Finance Minister Mohamed Maait has stressed that the decision of Standard and Poor’s (S&P) to maintain Egypt’s foreign and local currency credit ratings at B level with a “Stable Outlook” for the second time in three months reflects the international institutions’ confidence in the Egyptian economy and its resilience.
He said that the S&P’s decision shows that Egypt managed to deal with international conditions in balanced and integrated ways to ensure the stability of the economic conditions, adding that the Egyptian economy’s future is stable in light of commitment to the pace of economic reforms backed by the International Monetary Fund (IMF) under a 48-month agreement.
In a statement on Friday, he added that this shows trust that the Egyptian economy can deal positively with local and international extraordinary economic conditions last year that were affected by the repercussions of the war in Europe and the coronavirus pandemic.
Also, he affirmed that Egypt is implementing a national economic reform program to ensure economic stability and boost the Egyptian economy’s competitiveness.
In its recent report issued on Thursday, S&P report said Egypt will continue to enjoy financial stability in the current fiscal year in light of what was achieved over the past years, citing a drop in total deficit to 6.1% of the gross domestic product (GDP) compared to 6.8% of the GDP in the 2020-2021 fiscal year.
Maait indicated that the ministry continued to realize an initial surplus for the fifth straight year at 1.3% of the GDP in the 2021-2022 fiscal year.
The report commended the government’s efforts to rationalize spending and expand social protection programs to alleviate the impact of the international crisis.

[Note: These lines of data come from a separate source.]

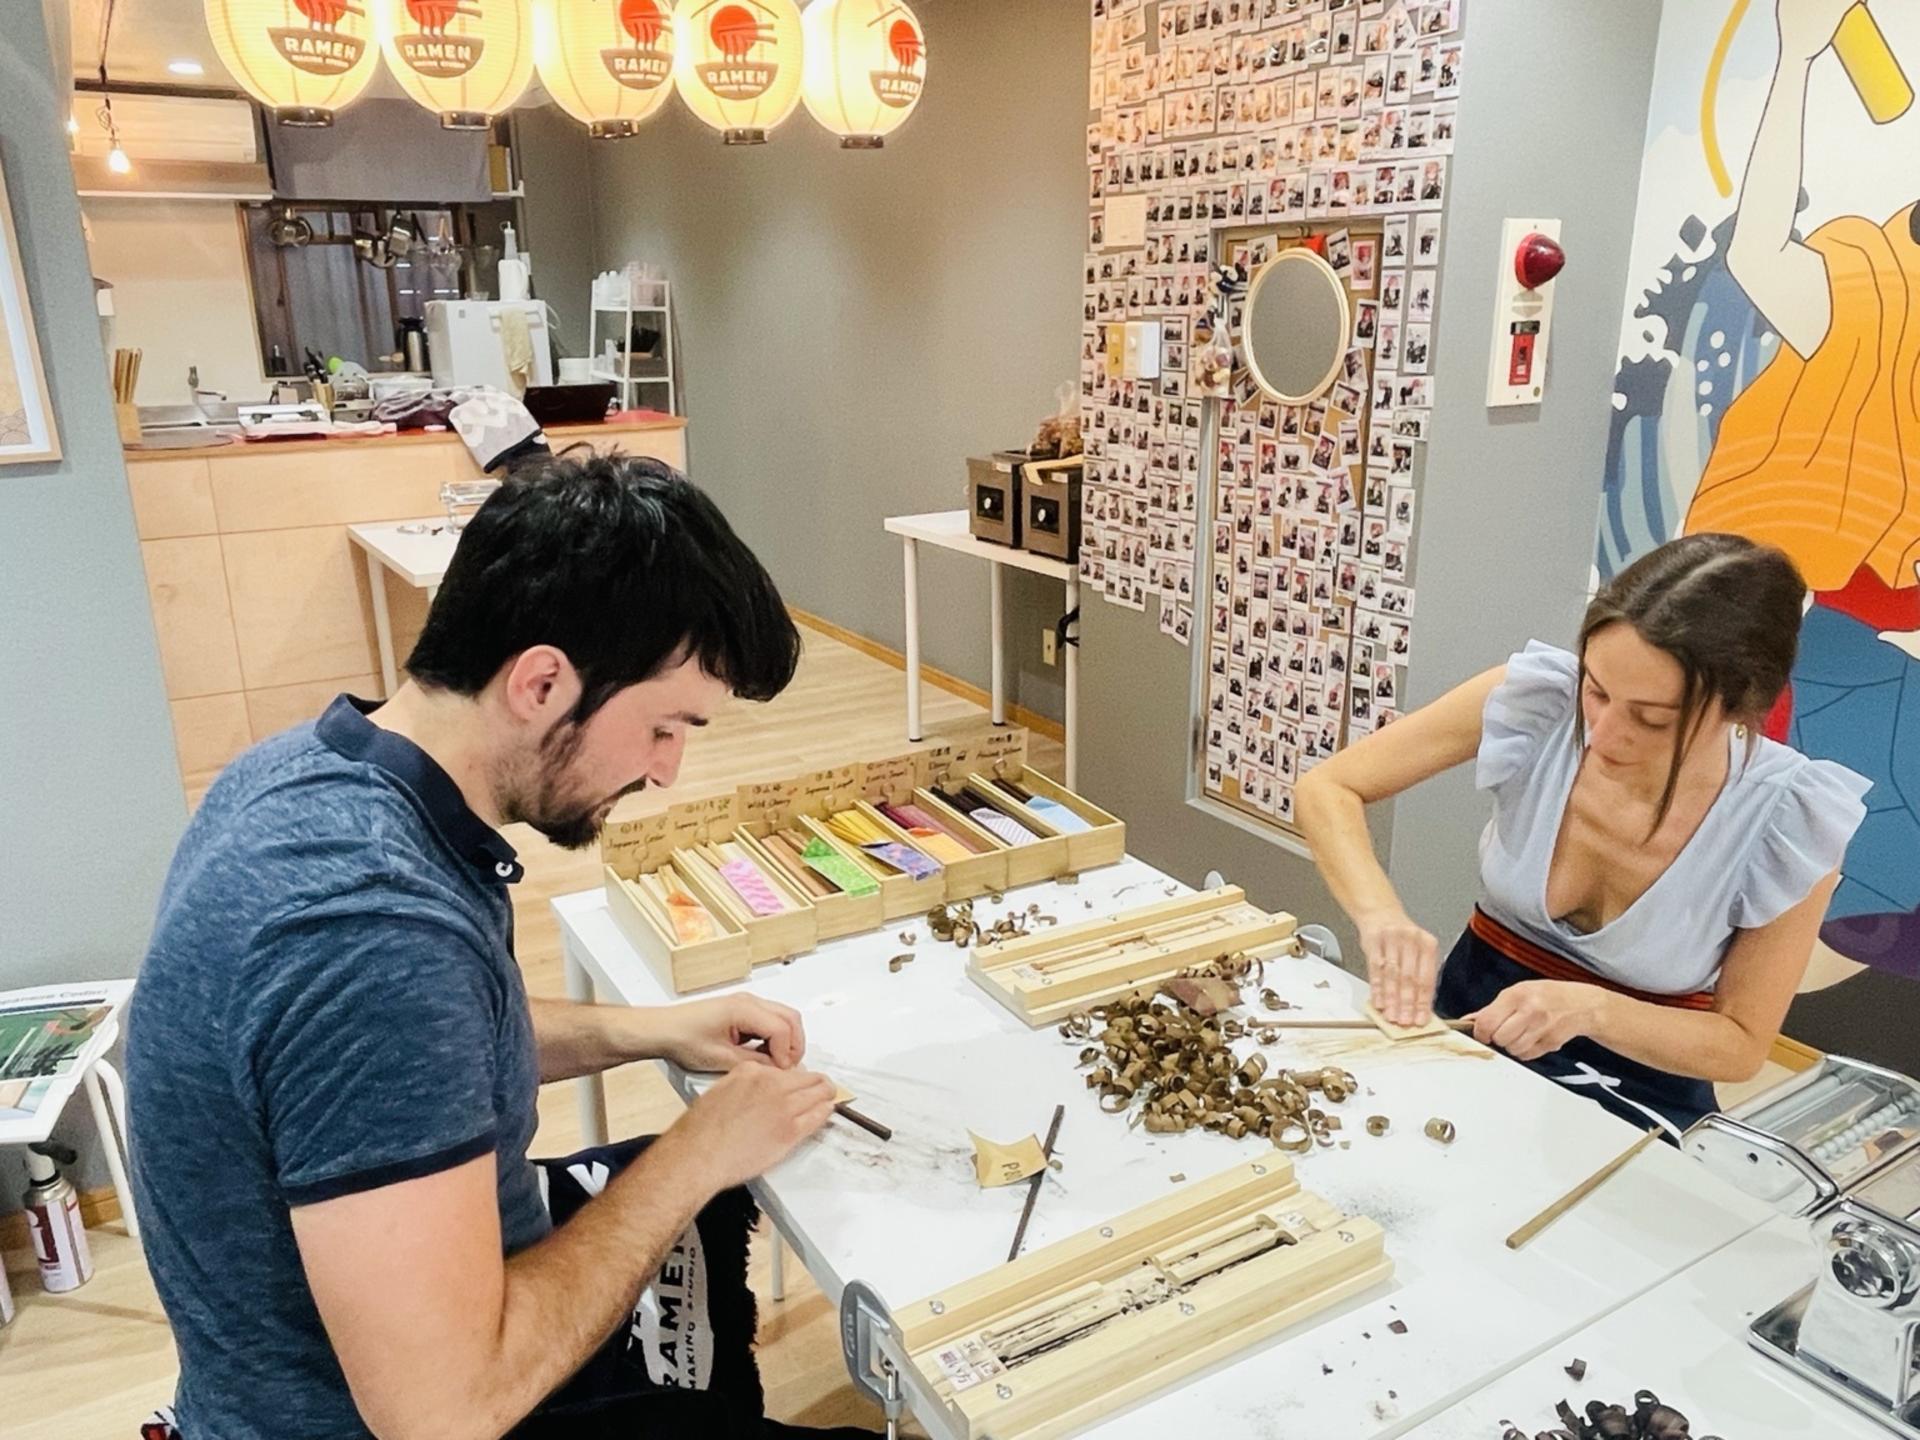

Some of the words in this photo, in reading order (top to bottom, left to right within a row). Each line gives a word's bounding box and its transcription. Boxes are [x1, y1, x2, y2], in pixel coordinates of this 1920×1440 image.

[284, 36, 356, 59] RAMEN
[403, 43, 472, 61] RAMEN
[706, 70, 768, 84] RAMEN
[686, 1247, 696, 1311] STUDIO
[684, 1322, 697, 1389] MAKING

S&P expected the average growth rate to reach 4% annually in the coming three years, the minister stated, adding that the S&P report referred to a noticeable improvement in the trade balance indexes of the 2021-2022 fiscal year.

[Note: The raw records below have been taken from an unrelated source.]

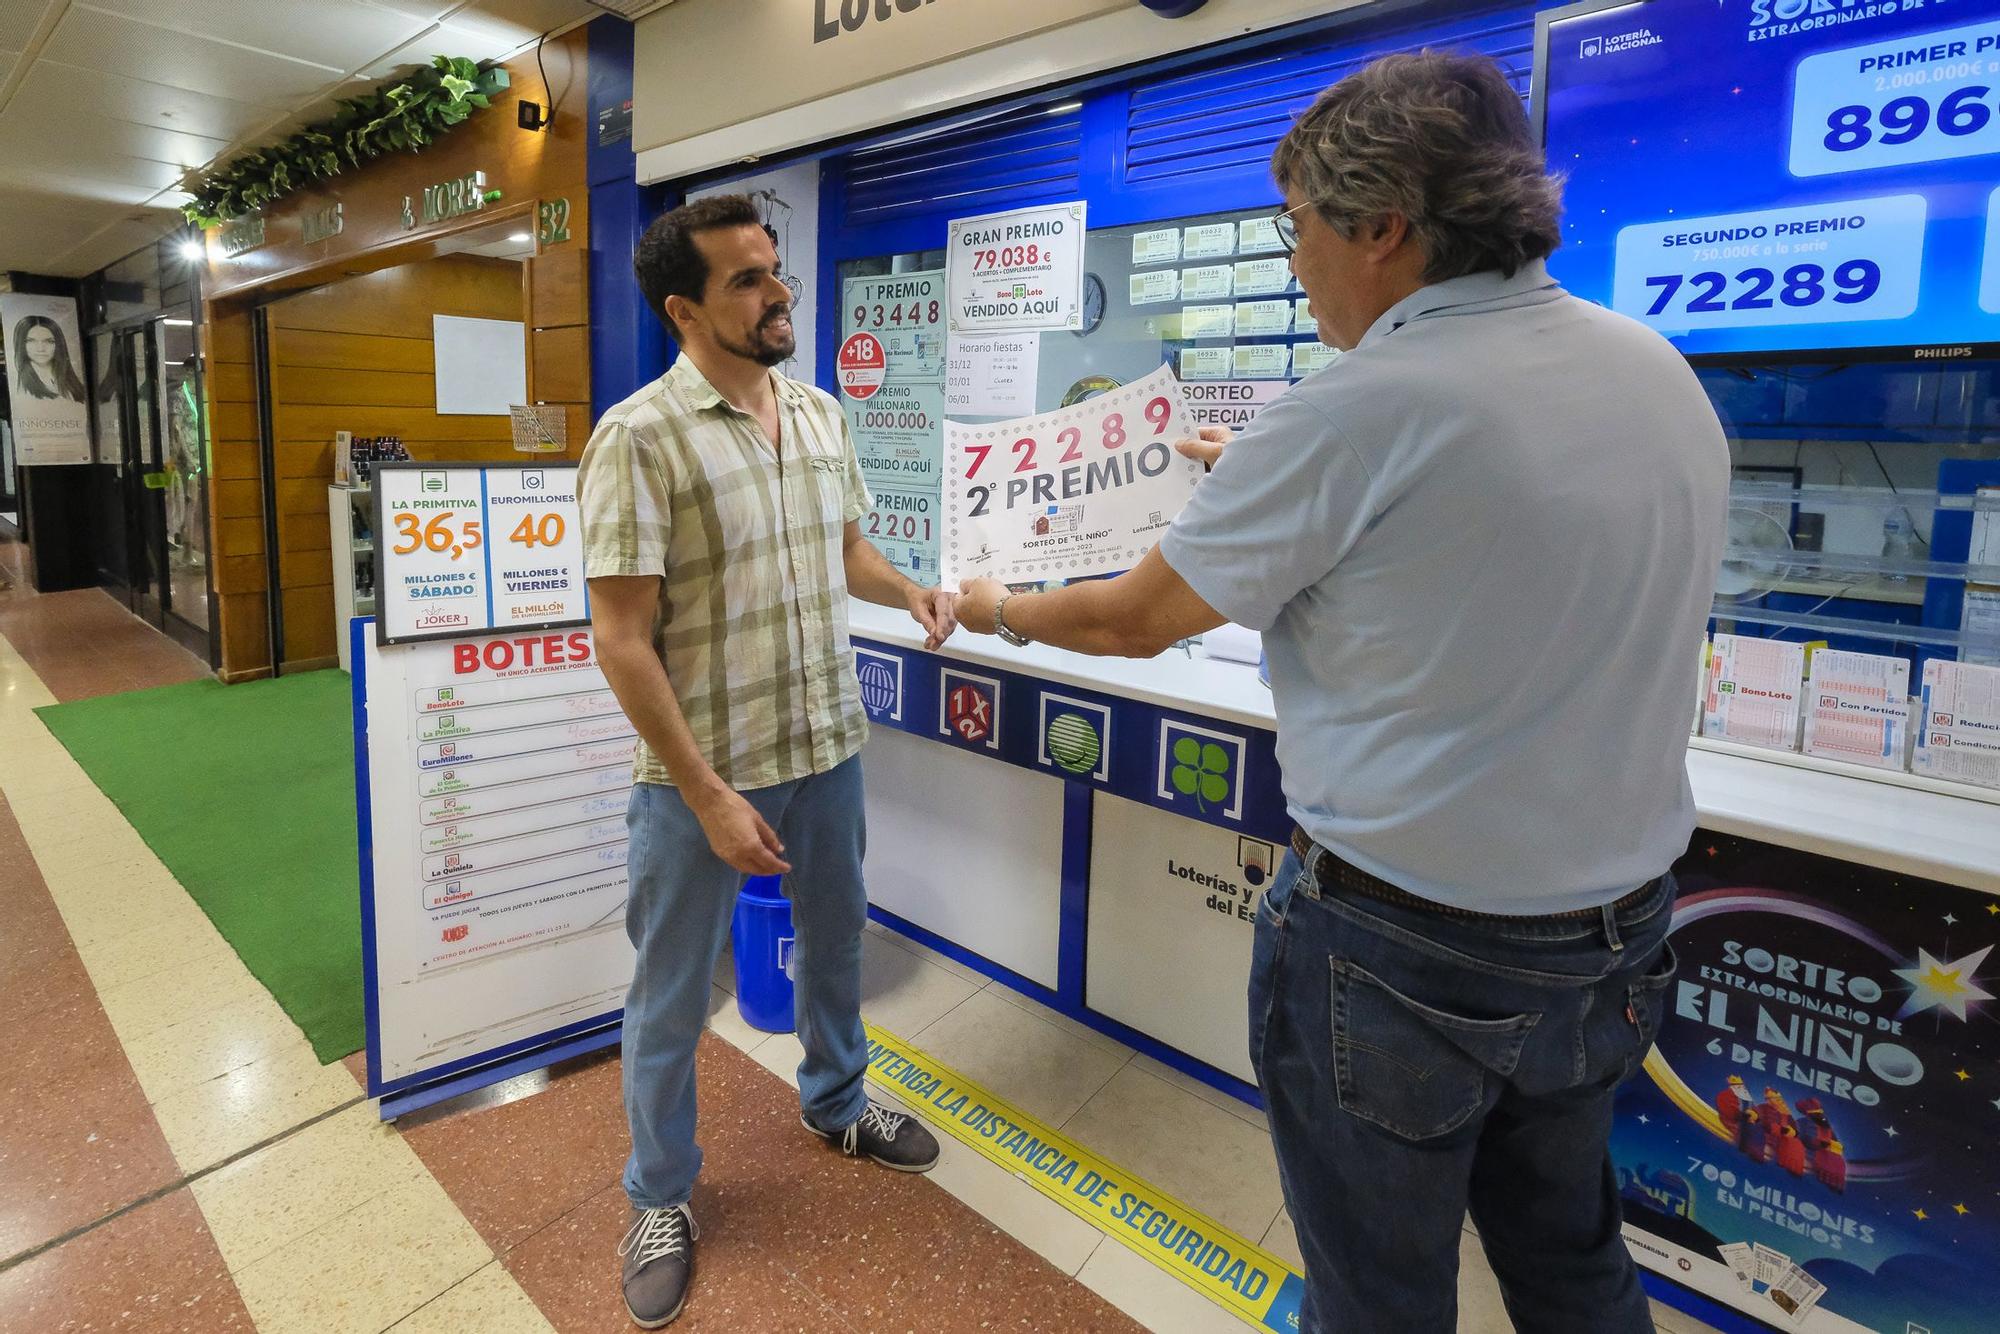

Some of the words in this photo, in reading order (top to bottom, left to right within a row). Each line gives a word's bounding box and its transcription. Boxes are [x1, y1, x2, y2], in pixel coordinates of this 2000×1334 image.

[1748, 2, 1898, 42] EXTRAORDINARIO
[1605, 29, 1651, 46] LOTERÍA
[1605, 35, 1663, 54] NACIONAL
[1859, 41, 1967, 74] PRIMER
[1823, 85, 2000, 152] 896
[540, 197, 572, 245] 32
[963, 228, 1001, 247] GRAN
[1006, 220, 1064, 241] PREMIO
[1662, 226, 1768, 248] SEGUNDO
[1774, 215, 1866, 237] PREMIO
[973, 244, 1039, 271] 79.038
[1043, 252, 1052, 263] €
[1693, 245, 1761, 262] 750.000€
[1763, 245, 1773, 256] a
[1776, 241, 1791, 255] la
[1794, 239, 1828, 253] serie
[978, 269, 999, 278] ACIERTOS
[1003, 264, 1053, 275] COMPLEMENTARIO
[877, 281, 932, 300] PREMIO
[997, 291, 1012, 299] Bono
[1027, 289, 1043, 297] Loto
[1645, 258, 1882, 317] 72289
[963, 303, 1019, 319] VENDIDO
[1023, 297, 1060, 316] AQUÍ
[847, 338, 875, 361] +18
[959, 343, 991, 353] Horario
[993, 341, 1023, 352] fiestas
[1914, 347, 1973, 359] PHILIPS
[949, 360, 971, 371] 31/12
[948, 377, 970, 387] 01/01
[877, 387, 910, 397] PREMIO
[948, 395, 969, 405] 06/01
[1182, 385, 1254, 400] SORTEO
[865, 400, 921, 411] MILLONARIO
[19, 419, 82, 430] INNOSENSE
[855, 411, 926, 429] 1.000.000
[903, 458, 931, 473] AQUÍ
[1006, 441, 1172, 510] PREMIO
[392, 500, 409, 510] LA
[413, 499, 478, 509] PRIMITIVA
[491, 494, 576, 505] EUROMILLONES
[875, 494, 929, 513] PREMIO
[393, 511, 482, 561] 36,5
[509, 513, 566, 549] 40
[1023, 539, 1056, 549] SORTEO
[1057, 537, 1069, 545] DE
[404, 574, 466, 584] MILLONES
[468, 572, 476, 580] €
[503, 568, 559, 579] MILLONES
[561, 568, 569, 576] €
[410, 584, 475, 599] SÁBADO
[506, 579, 569, 592] VIERNES
[511, 607, 524, 615] EL
[524, 602, 564, 613] MILLÓN
[424, 614, 461, 625] JOKER
[453, 632, 591, 675] BOTES
[507, 667, 529, 677] ÚNICO
[530, 664, 567, 674] ACERTANTE
[1741, 687, 1767, 697] Bono
[1768, 690, 1792, 700] Loto
[426, 698, 466, 710] BonoLoto
[1840, 701, 1860, 711] Con
[1863, 704, 1907, 718] Partidos
[422, 730, 433, 739] La
[435, 726, 472, 737] Primitiva
[1959, 719, 2000, 732] Reduci
[422, 754, 474, 767] EuroMillones
[431, 869, 441, 878] La
[442, 862, 474, 875] Quiniela
[1168, 859, 1237, 897] Loterías
[1242, 887, 1254, 905] y
[434, 897, 442, 905] El
[443, 890, 473, 903] Quinigol
[500, 906, 511, 914] LOS
[1206, 894, 1233, 916] del
[1238, 904, 1257, 925] Es
[1722, 941, 1883, 1004] SORTEO
[1700, 965, 1871, 1026] EXTRAORDINARIO
[1876, 1016, 1904, 1036] DE
[1675, 979, 1736, 1033] EL
[1756, 1003, 1925, 1087] NIÑO
[1705, 1037, 1723, 1057] 6
[1731, 1042, 1767, 1072] DE
[1775, 1057, 1881, 1107] ENERO
[867, 1040, 943, 1101] ANTENGA
[932, 1086, 970, 1117] LA
[960, 1103, 1079, 1187] DISTANCIA
[1072, 1169, 1119, 1209] DE
[1110, 1191, 1271, 1302] SEGURIDAD
[1687, 1155, 1737, 1189] 700
[1743, 1178, 1876, 1245] MILLONES
[1717, 1188, 1744, 1212] EN
[1749, 1199, 1843, 1251] PREMIOS

According to the minister, non-petroleum exports rose by 29%. He noted that a huge surplus was registered in the petroleum balance at $4.4 B.
The Suez Canal revenues hit a historical record at dlrs 7 B and are expected to reach $8 B in 2023; he pointed out that the tourism sector’s revenues ratcheted up last year to register $10.7 B.
Foreign direct investments shot up by 71% to record $9.1 B against $5.2 B in 2020-2021.